**Exercise prompt:**
Exclude the pictures and transcribe the rest of the data below exactly.

(Text-to-region grounding data)
****************************************
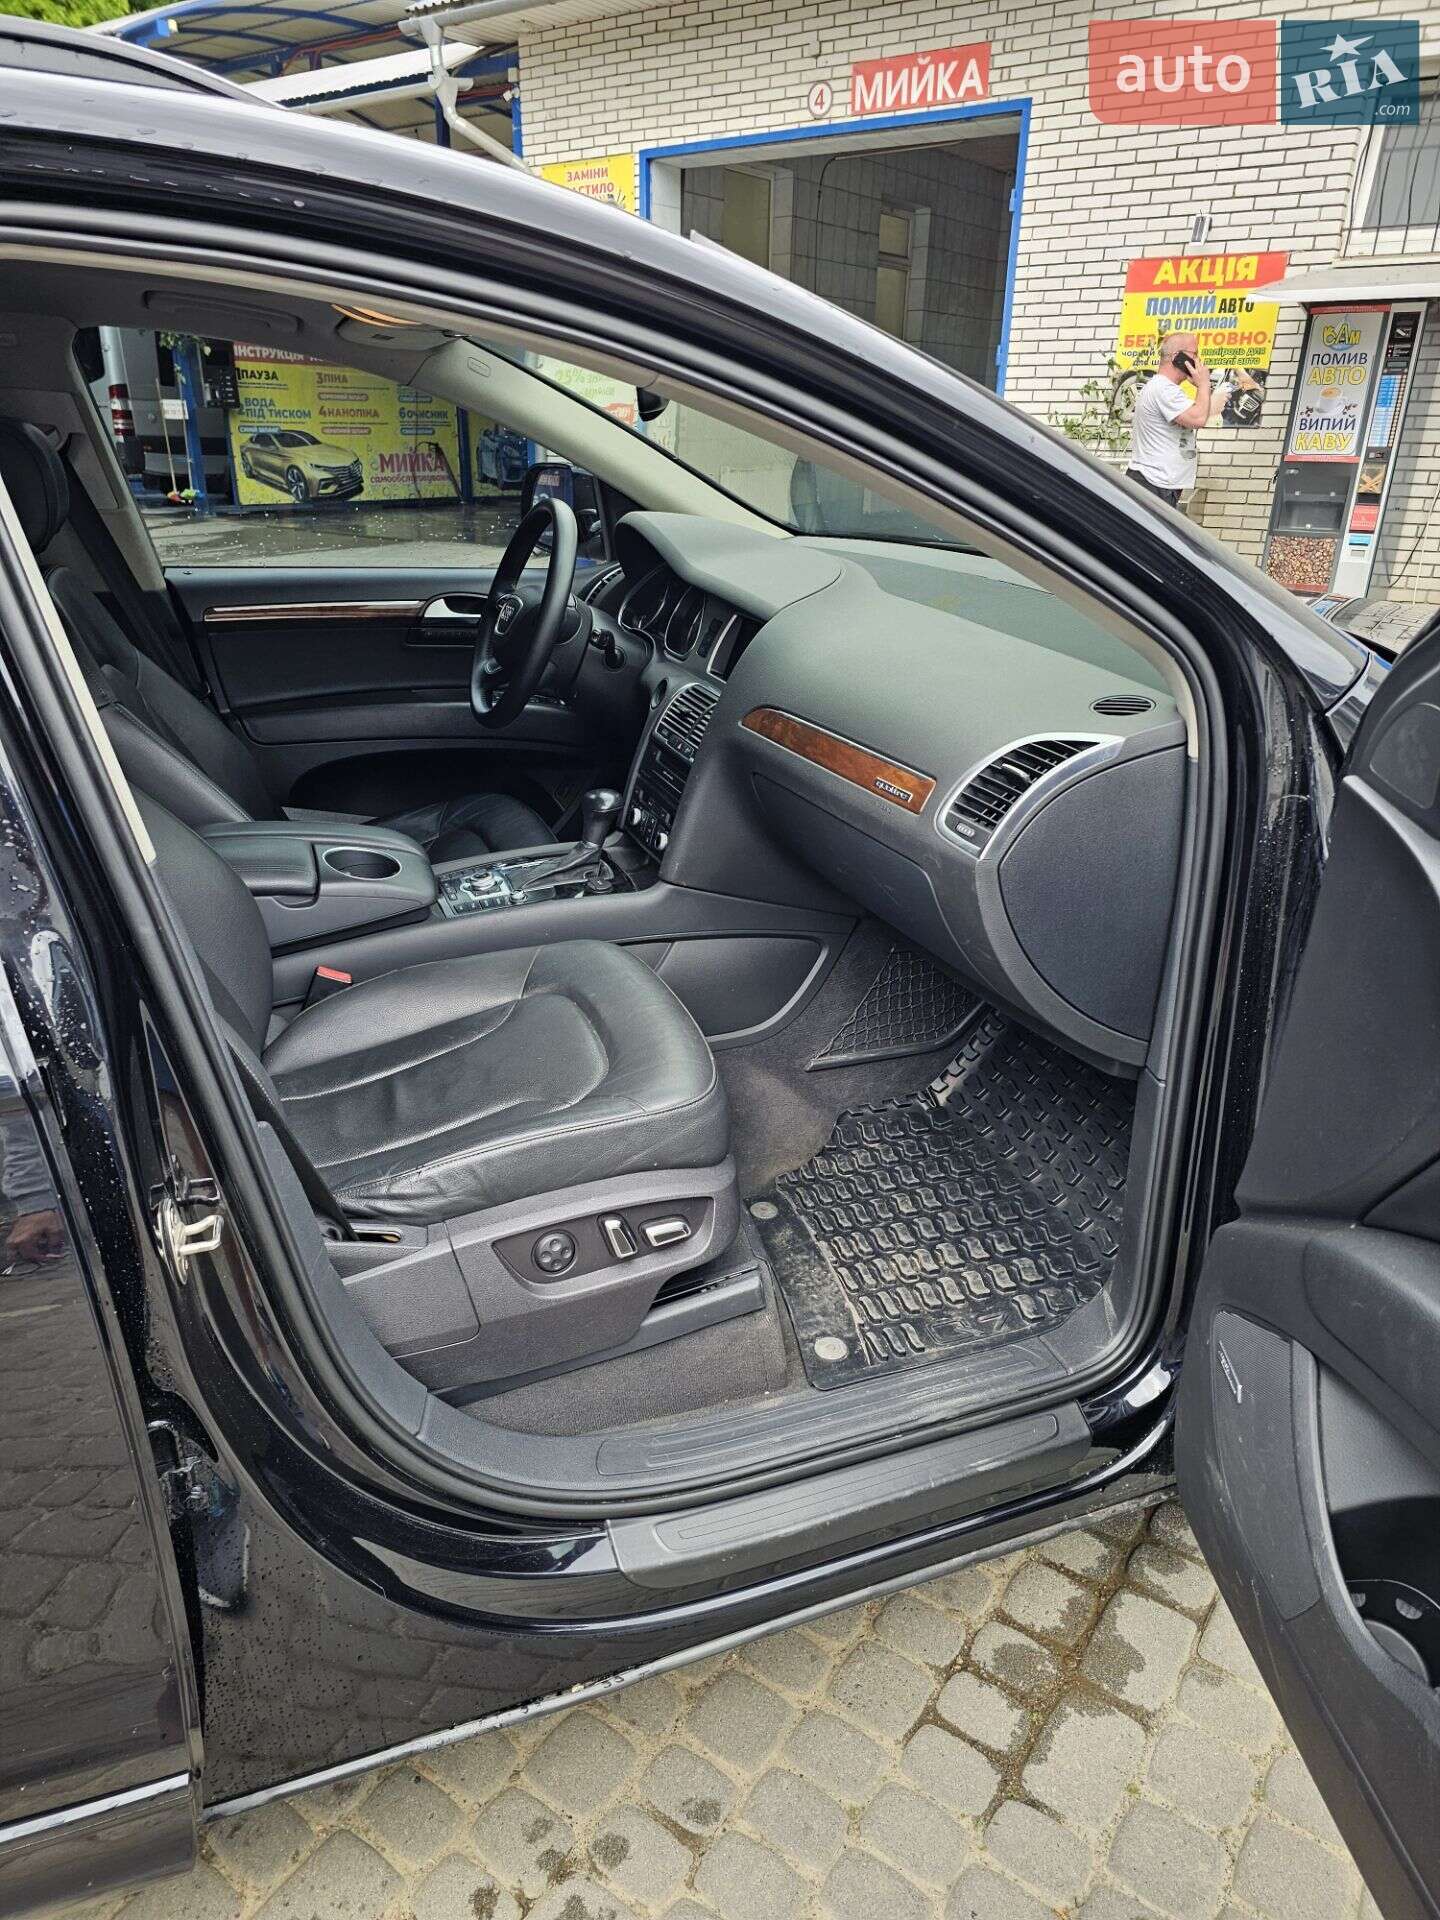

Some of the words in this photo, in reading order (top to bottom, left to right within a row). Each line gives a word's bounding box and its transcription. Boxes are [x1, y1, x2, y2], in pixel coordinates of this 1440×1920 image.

[854, 55, 984, 111] МИЙКА
[813, 88, 825, 110] 4
[567, 167, 609, 181] ЗАМІНИ
[1152, 255, 1259, 286] АКЦІЯ
[1146, 290, 1217, 316] ПОМИЙ
[1218, 297, 1255, 314] АВТО
[1174, 313, 1238, 332] отримай
[1311, 352, 1367, 366] ПОМИВ
[241, 369, 279, 381] ПАУЗА
[324, 374, 348, 384] ПІНА
[1307, 366, 1367, 386] АВТО
[244, 398, 275, 407] ВОДА
[245, 408, 265, 419] ПІД
[269, 409, 312, 419] ТИСКОМ
[327, 407, 379, 418] НАНОПІНА
[1299, 415, 1356, 431] ВИПИЙ
[1295, 432, 1352, 452] КАВУ
[379, 446, 445, 472] МИЙКА
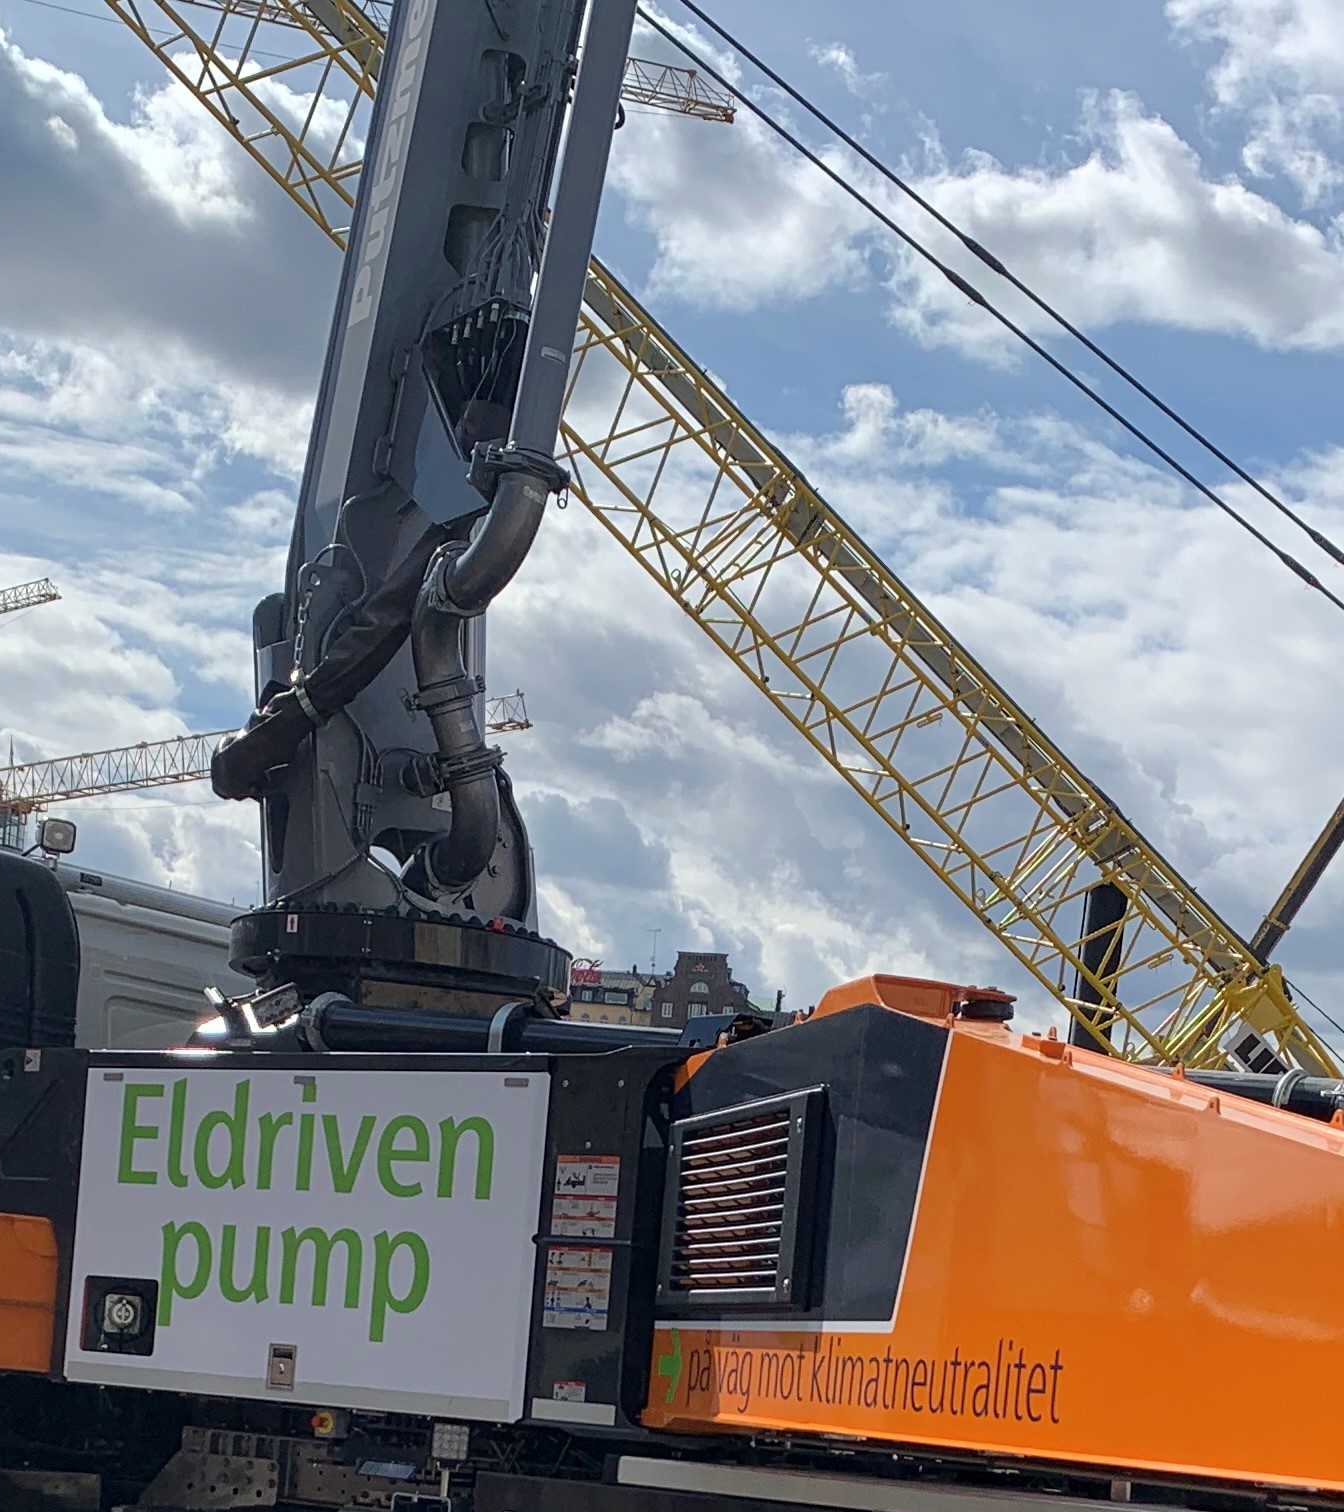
****************************************
**Reply:**
Some of the words in this photo, in reading order (top to bottom, left to right within a row). Each line gives a word's bounding box and its transcription. Boxes are [x1, y1, x2, y2], in pixel coordinates of this 1440×1920 image.

[854, 55, 984, 111] МИЙКА
[813, 88, 825, 110] 4
[567, 167, 609, 181] ЗАМІНИ
[1152, 255, 1259, 286] АКЦІЯ
[1146, 290, 1217, 316] ПОМИЙ
[1218, 297, 1255, 314] АВТО
[1174, 313, 1238, 332] отримай
[1311, 352, 1367, 366] ПОМИВ
[241, 369, 279, 381] ПАУЗА
[324, 374, 348, 384] ПІНА
[1307, 366, 1367, 386] АВТО
[244, 398, 275, 407] ВОДА
[245, 408, 265, 419] ПІД
[269, 409, 312, 419] ТИСКОМ
[327, 407, 379, 418] НАНОПІНА
[1299, 415, 1356, 431] ВИПИЙ
[1295, 432, 1352, 452] КАВУ
[379, 446, 445, 472] МИЙКА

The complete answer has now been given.